Baylor Rett syndrome researcher to receive top honor
By David Templeton –
A noted molecular geneticist at Baylor College of Medicine whose work uncovered the genetic foundation for several neurological disorders has been named this year’s recipient of the University of Pittsburgh’s Dickson Prize in Medicine.
Huda Y. Zoghbi discovered the gene mutation in 1999 that causes Rett syndrome, a pediatric disorder in which children lose language and motor skills after initial normal development.
In 1993, she and her collaborator, Harry Orr of the University of Minnesota, found the mutation that leads to spinocerebellar ataxia type 1, characterized by progressive difficulties with balance and coordination.
Dr.

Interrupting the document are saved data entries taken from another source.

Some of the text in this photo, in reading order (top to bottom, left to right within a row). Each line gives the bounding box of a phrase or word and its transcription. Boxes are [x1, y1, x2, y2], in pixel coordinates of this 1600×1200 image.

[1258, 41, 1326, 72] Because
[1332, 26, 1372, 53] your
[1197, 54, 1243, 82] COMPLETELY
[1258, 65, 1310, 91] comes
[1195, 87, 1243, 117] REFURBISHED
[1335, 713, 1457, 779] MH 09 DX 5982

Zoghbi’s lab also identified Math1, a gene that plays a critical role in the formation of a wide range of cell types, including inner ear hair cells and intestinal secretory cells.

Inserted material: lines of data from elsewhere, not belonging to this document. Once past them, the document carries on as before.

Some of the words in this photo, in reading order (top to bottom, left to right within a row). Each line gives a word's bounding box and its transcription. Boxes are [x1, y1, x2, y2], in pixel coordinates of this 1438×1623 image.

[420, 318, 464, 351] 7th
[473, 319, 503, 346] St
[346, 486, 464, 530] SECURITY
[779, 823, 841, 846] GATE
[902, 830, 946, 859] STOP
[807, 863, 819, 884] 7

“Dr. Zoghbi has made invaluable contributions to our understanding of the genetic roots of the deadly neurodegenerative disorder spinocerebellar ataxia type 1 and of the autism spectrum disorder Rett syndrome,” said Arthur S. Levine, Pitt’s senior vice chancellor for the health sciences and dean of University of Pittsburgh School of Medicine. “Her work continues to demonstrate the role that basic genetics and molecular neuroscience can play in understanding complex brain disorders.”
Dr. Zoghbi will accept the University of Pittsburgh School of Medicine’s most prestigious honor during Science 2013 — Convergence, which is held Oct. 2-4 at Alumni Hall, Oakland.
She is professor in the departments of pediatrics, molecular and human genetics, neurology and neuroscience and the Program in developmental biology at the Baylor College of Medicine, among other academic and medical positions.